Entonces llamó al viento cierzo y mandole que hiciese lo que su marido
le había mandado. Él, sin más tardar, obedeciendo su mandamiento, trajo
luego a sus hermanas muy mansamente, sin fatiga ni peligro; y como
llegaron, comenzáronse a abrazar y besar unas a otras, las cuales, con el
gran placer y gozo que hubieron, tornaron de nuevo a llorar. Psiches les
dijo que entrasen en su casa alegremente y descansasen con ella de su pena.
Capítulo II
Cómo, prosiguiendo la vieja el cuento, contó cómo las dos hermanas de
Psiches la vinieron a ver y ella les dio de sus joyas y riquezas y las envió a
sus tierras, y cómo por el camino fueron envidiando de ella con voluntad
de matarla.
-Después que así les hubo hablado, mostroles la casa y las grandes
riquezas de ella y la mucha familia de las que le servían oyéndolas
solamente; y después les mandó lavar en un baño muy rico y hermoso y
sentar a la mesa, donde había muchos manjares abundantemente, en tal
manera que la hartura y abundancia de tantas riquezas, más celestiales que
humanas, criaron envidia en sus corazones contra ella. Finalmente, que l
a
una de ellas comenzó a preguntarle curiosamente y a importunarle que le
dijese quién era el señor de aquellas riquezas celestiales, y quién era o qué
tal era su marido.
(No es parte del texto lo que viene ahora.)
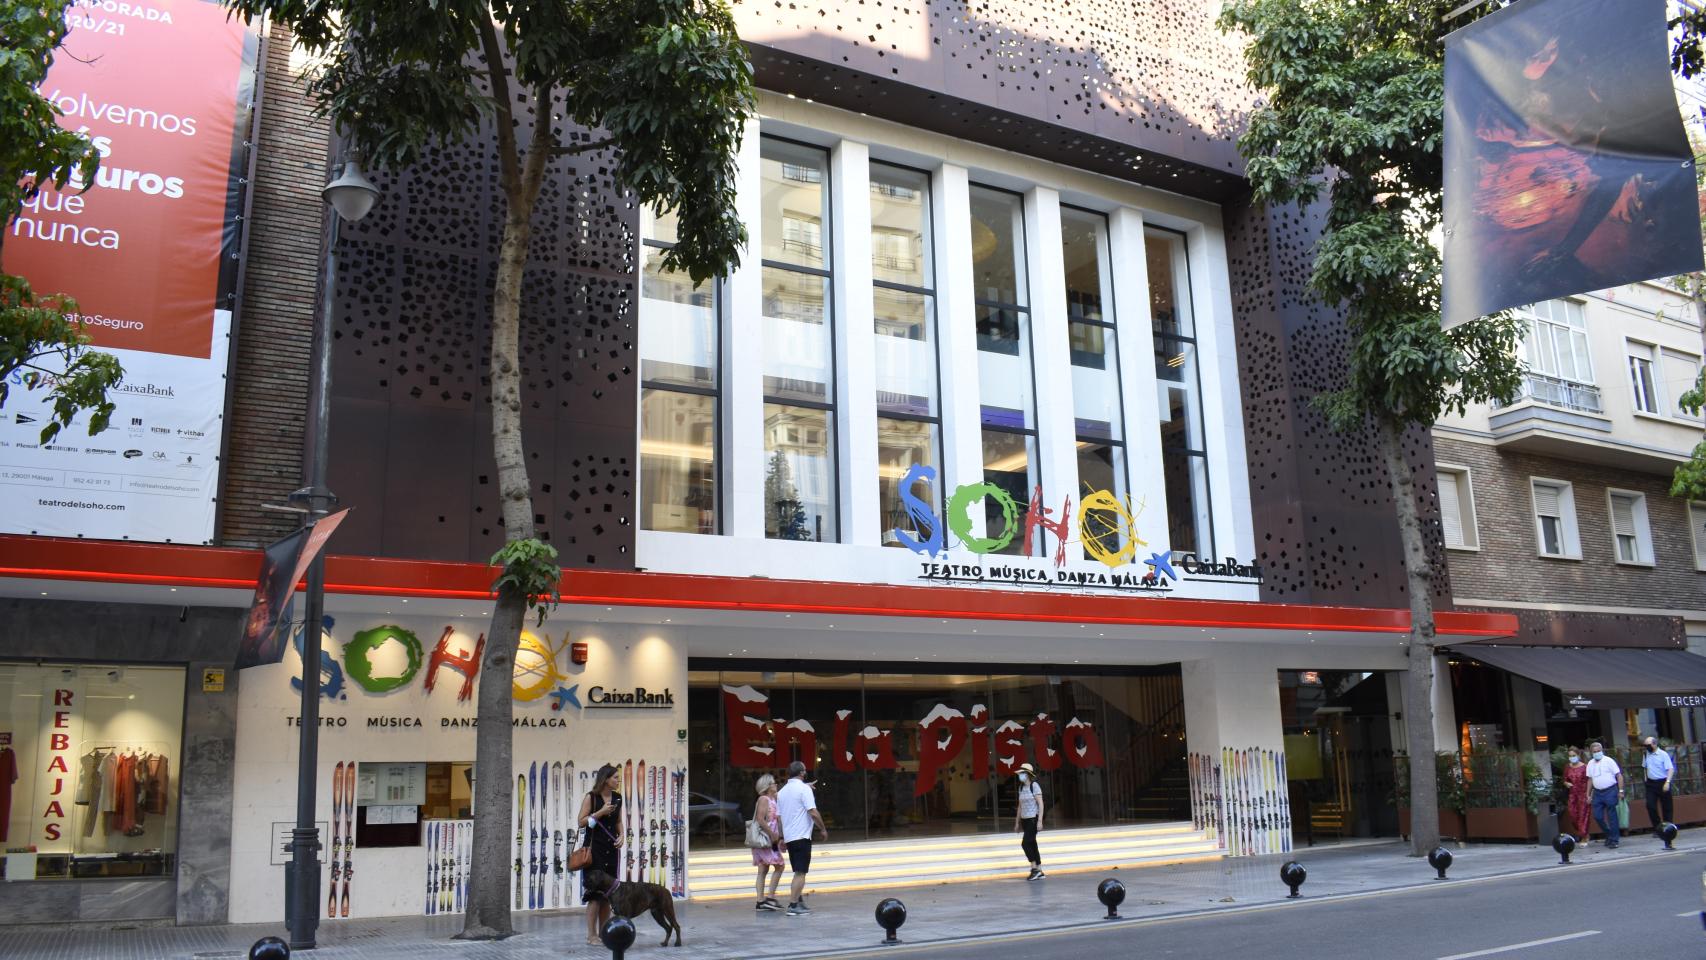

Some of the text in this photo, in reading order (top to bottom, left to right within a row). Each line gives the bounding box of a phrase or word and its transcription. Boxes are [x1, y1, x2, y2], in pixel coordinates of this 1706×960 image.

[14, 217, 119, 249] nunca
[183, 429, 205, 437] vithas
[38, 498, 126, 511] teatrodelsoho.com
[895, 463, 1148, 567] SOHO
[920, 562, 1169, 588] TEATRO MÚSICA DANZA MÁLAGA
[1181, 553, 1264, 578] CaixaBank
[587, 685, 674, 705] CaixaBank
[286, 715, 567, 728] TETRO MÚSICA DANZ MÁLAGA
[722, 684, 817, 770] En
[833, 709, 898, 772] la
[44, 689, 74, 841] REBAJAS
Pero con todas estas cosas, nunca Psiches quebrantó el
mandamiento de su marido ni sacó de su pecho el secreto de lo que sabía: y
hablando en el negocio, fingió que era un mancebo hermoso y de buena
disposición, que entonces le apuntaban las barbas, el cual andaba allá
ocupado en hacienda del campo y caza de montería; y porque en algunas
palabras de las que hablaba no se descubriese el secreto, cargolas de oro,
joyas y piedras preciosas, y llamado el viento, mandole que las tornase a
llevar de donde las había traído: lo cual hecho, las buenas de las hermanas,
tornándose a casa, iban ardiendo con la hiel de la envidia que les crecía, y
una a otra hablaba sobre ello muchas cosas, entre las cuales, una dijo esto:
«Mirad ahora qué cosa es la fortuna ciega, malvada y cruel. ¿Parécete a
ti bien que seamos todas tres hijas de un padre y madre y que tengamos
diversos estados? ¿Nosotras, que somos mayores, seamos esclavas de
maridos advenedizos y que vivamos como desterradas fuera de nuestra
tierra y apartadas muy lejos de la casa y reino de nuestros padres, y esta
nuestra hermana, última de todas, que nació después que nuestra madre
estaba harta de parir, haya de poseer tantas riquezas y tener un dios por
marido? Y aun, cierto, ella no sabe bien usar de tanta muchedumbre de
riquezas como tiene: ¿no viste tú, hermana, cuántas cosas están en aquella
casa, cuántos collares de oro, cuántas vestiduras resplandecen, cuántas
piedras preciosas relumbran? Y además de esto, ¿cuánto oro se huella en
casa? Por cierto, si ella tiene el marido hermoso, como dijo, ninguna más
bienaventurada mujer vive hoy en todo el mundo; y por ventura podrá ser
que, procediendo la continuación y esforzándose más la afición, siendo él
dios, también hará a ella diosa. Y por cierto así es, que ya ella presumía y
se trataba con mucha altivez, que ya piensa que es diosa, pues que tiene las
voces por servidoras y manda a los vientos. Yo, mezquina, lo primero que
puedo decir es que fui casada con un marido más viejo que mi padre, y
además de esto más calvo que una calabaza y más flaco que un niño,
guardando de continuo la casa cerrada con cerrojos y cadenas.»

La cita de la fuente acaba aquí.